What is needed ->
When copying the records below, keep every word as it is and drop the images.

Data listing ->
+++
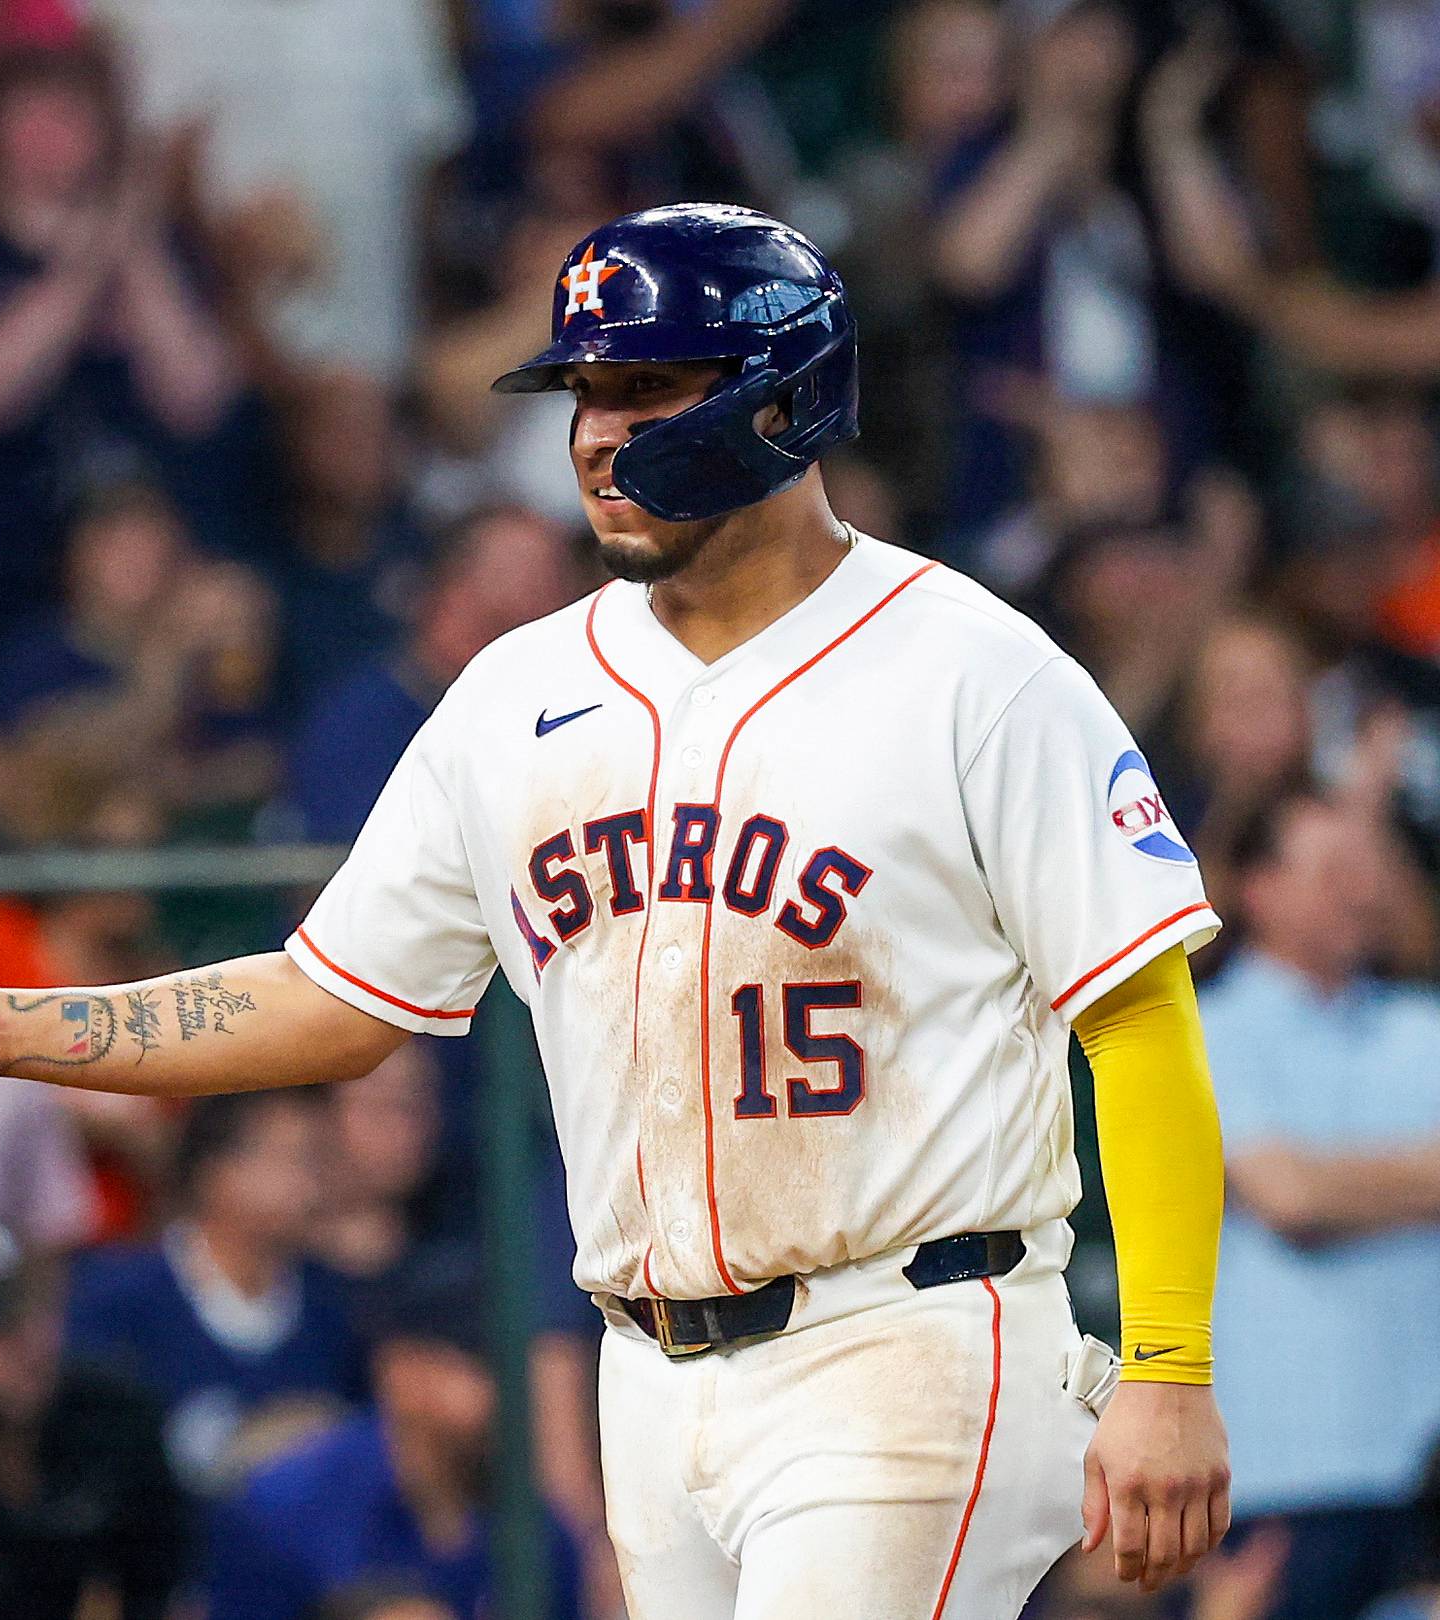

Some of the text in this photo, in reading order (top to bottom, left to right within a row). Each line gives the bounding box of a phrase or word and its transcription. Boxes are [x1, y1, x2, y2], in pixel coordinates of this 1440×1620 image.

[564, 258, 608, 316] H
[1111, 792, 1170, 836] OX
[731, 981, 866, 1119] 15
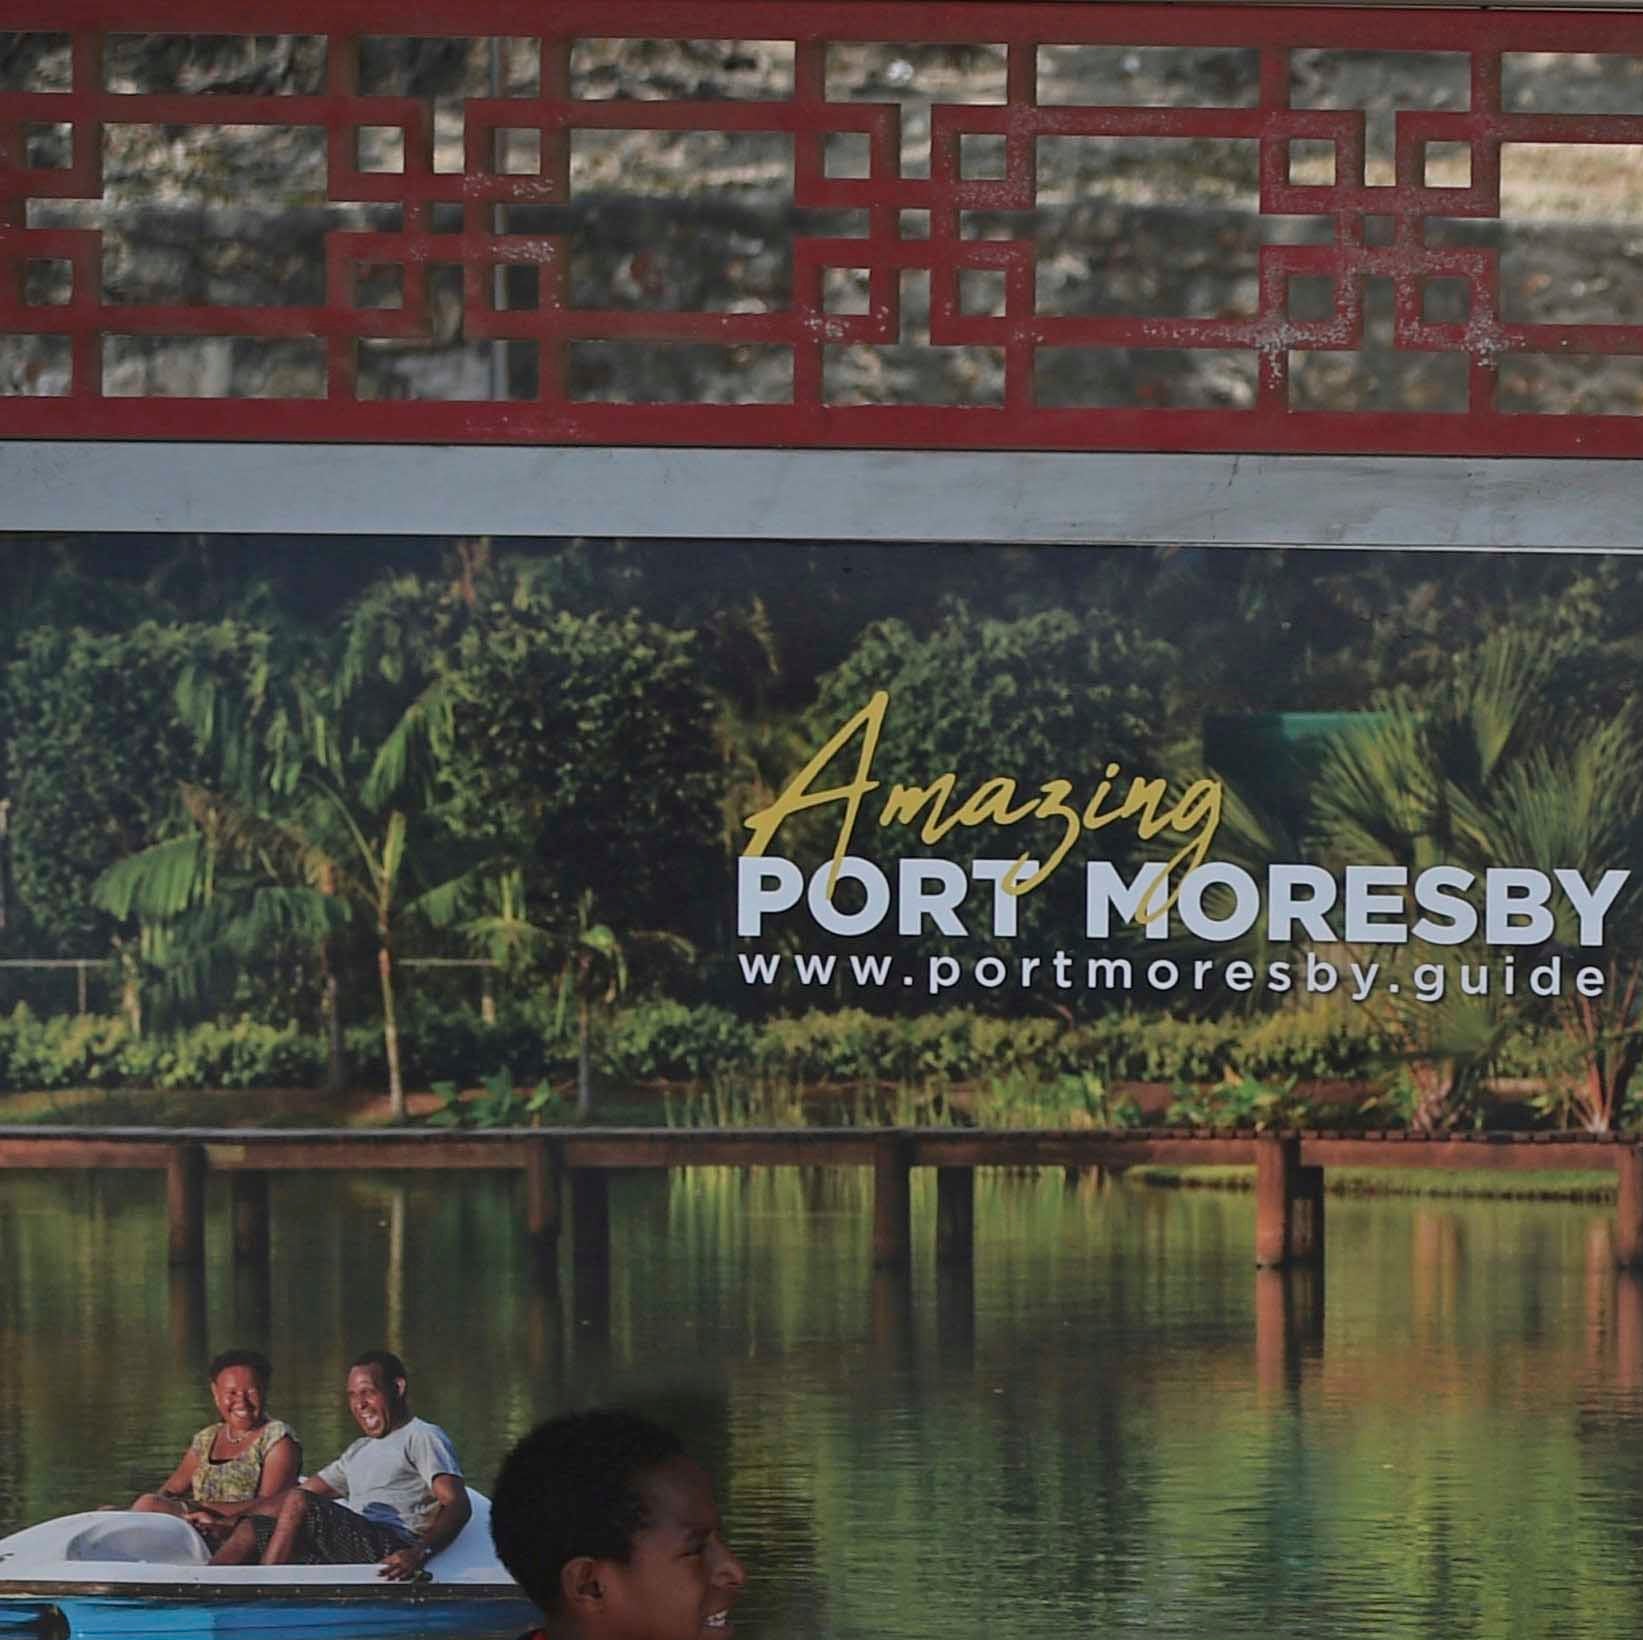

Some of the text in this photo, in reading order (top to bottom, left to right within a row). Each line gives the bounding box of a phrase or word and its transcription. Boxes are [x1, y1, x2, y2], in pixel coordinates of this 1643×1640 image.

[742, 690, 1223, 926] Amazing
[736, 855, 1632, 947] PORT MORESBY
[737, 949, 1607, 1003] www.portmoresby.guide
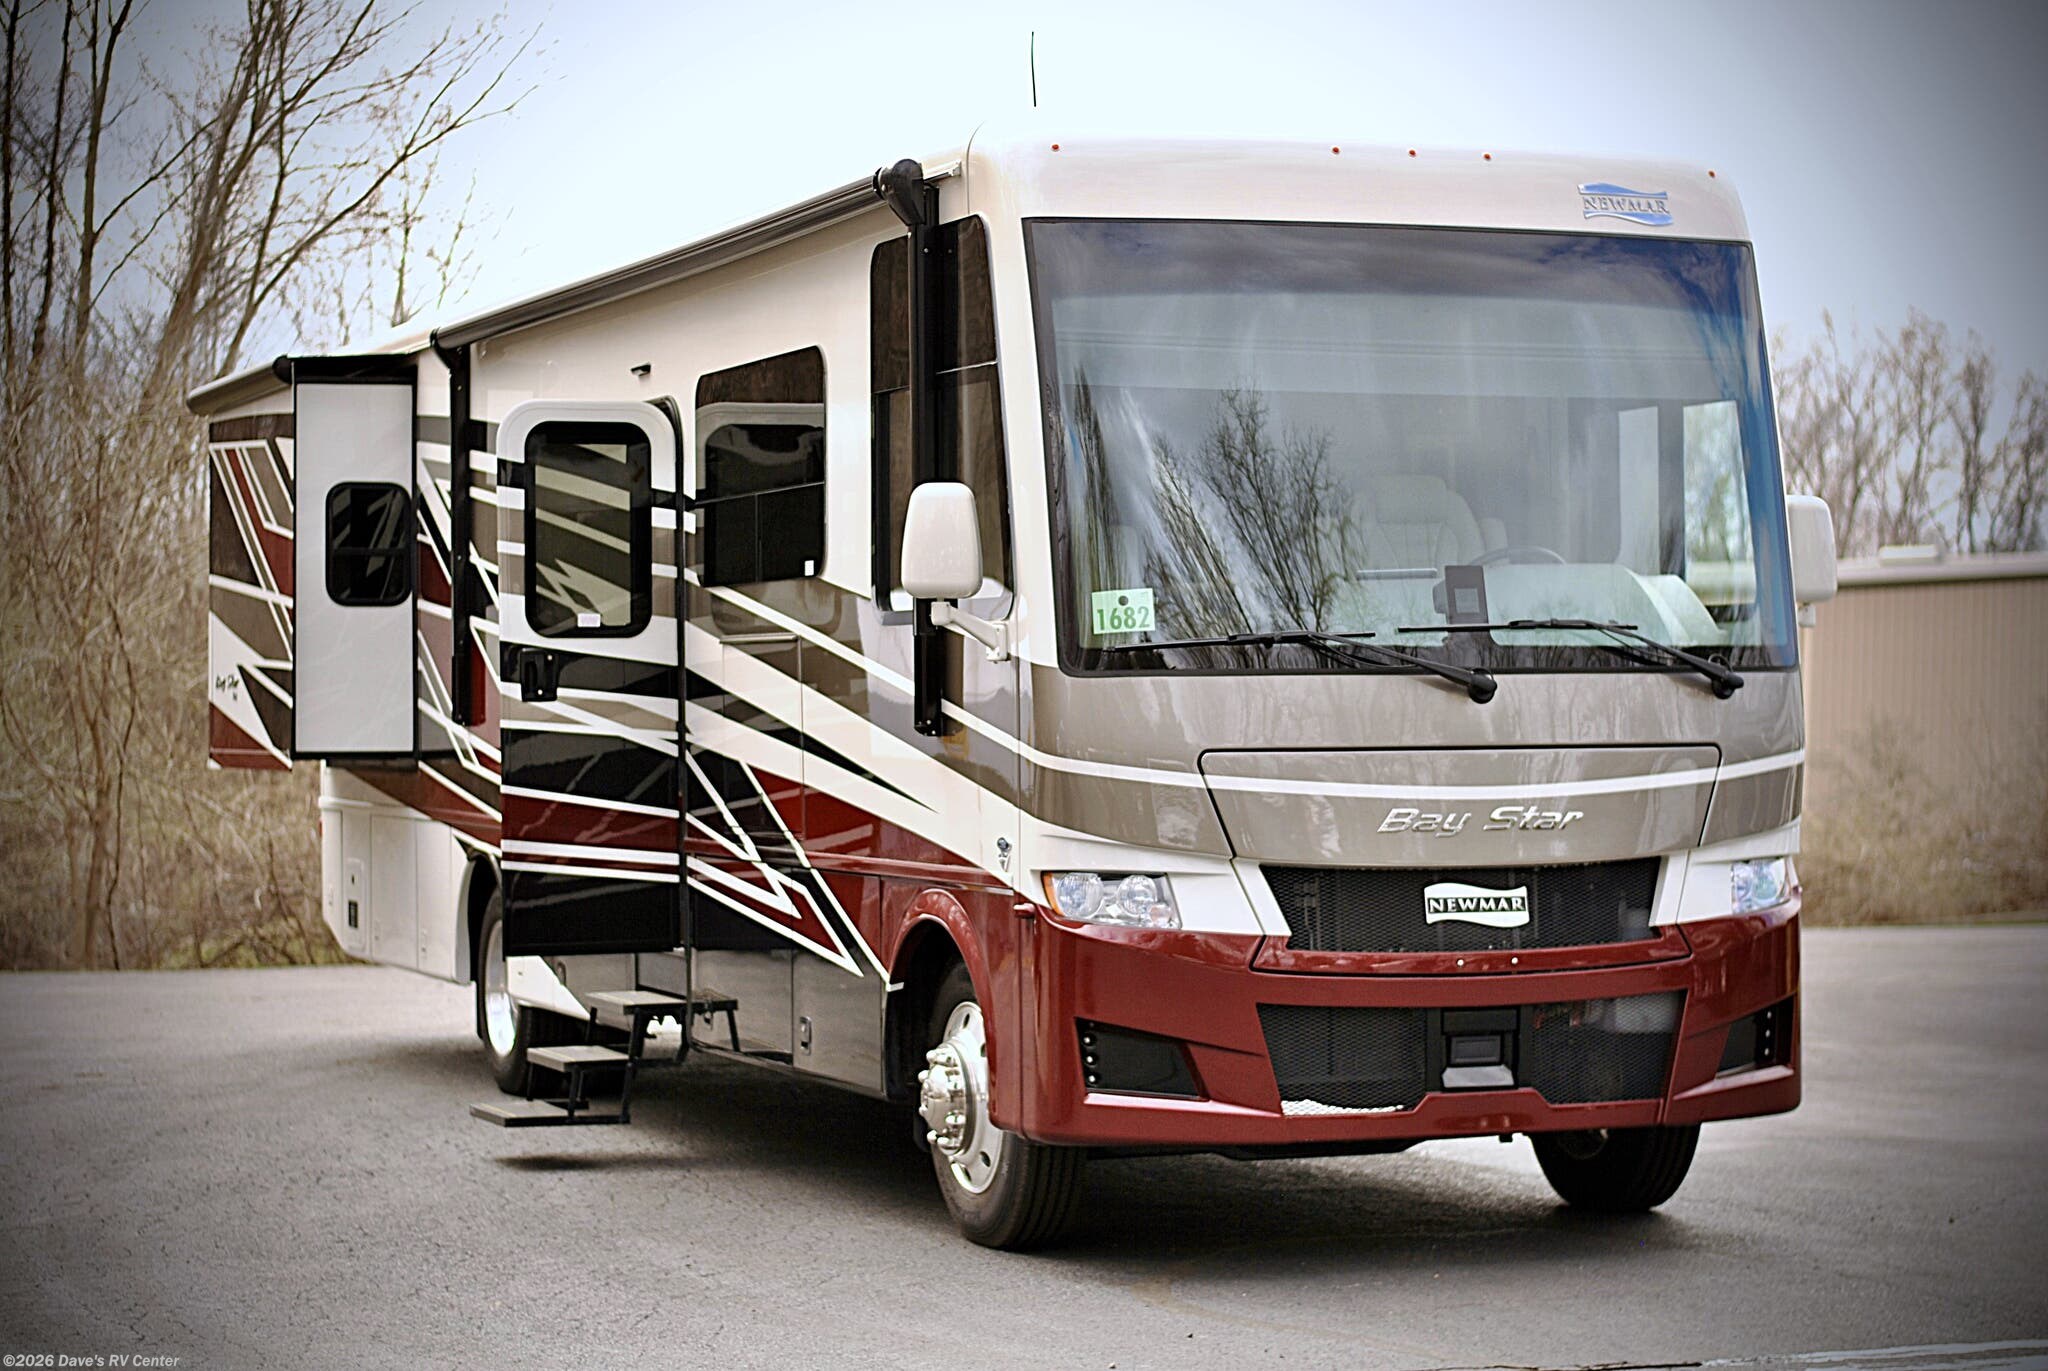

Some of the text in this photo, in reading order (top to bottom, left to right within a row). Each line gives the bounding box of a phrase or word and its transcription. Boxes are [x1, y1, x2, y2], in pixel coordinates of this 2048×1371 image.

[1582, 196, 1670, 213] NEWMAR
[1097, 606, 1151, 631] 1682
[1377, 805, 1584, 838] Bay Star
[1428, 896, 1525, 913] NEWMAR
+++
Response to the exercise ->
Some of the text in this photo, in reading order (top to bottom, left to right within a row). Each line gives the bounding box of a phrase or word and its transcription. Boxes are [x1, y1, x2, y2], in pixel coordinates of this 1440×1620 image.

[564, 258, 608, 316] H
[1111, 792, 1170, 836] OX
[731, 981, 866, 1119] 15

Some of the text in this photo, in reading order (top to bottom, left to right within a row). Each line gives the bounding box of a phrase or word and its transcription. Boxes are [x1, y1, x2, y2], in pixel coordinates of this 1643×1640 image.

[742, 690, 1223, 926] Amazing
[736, 855, 1632, 947] PORT MORESBY
[737, 949, 1607, 1003] www.portmoresby.guide

Some of the text in this photo, in reading order (top to bottom, left to right within a row). Each line gives the bounding box of a phrase or word and its transcription. Boxes are [x1, y1, x2, y2], in pixel coordinates of this 2048×1371 image.

[1582, 196, 1670, 213] NEWMAR
[1097, 606, 1151, 631] 1682
[1377, 805, 1584, 838] Bay Star
[1428, 896, 1525, 913] NEWMAR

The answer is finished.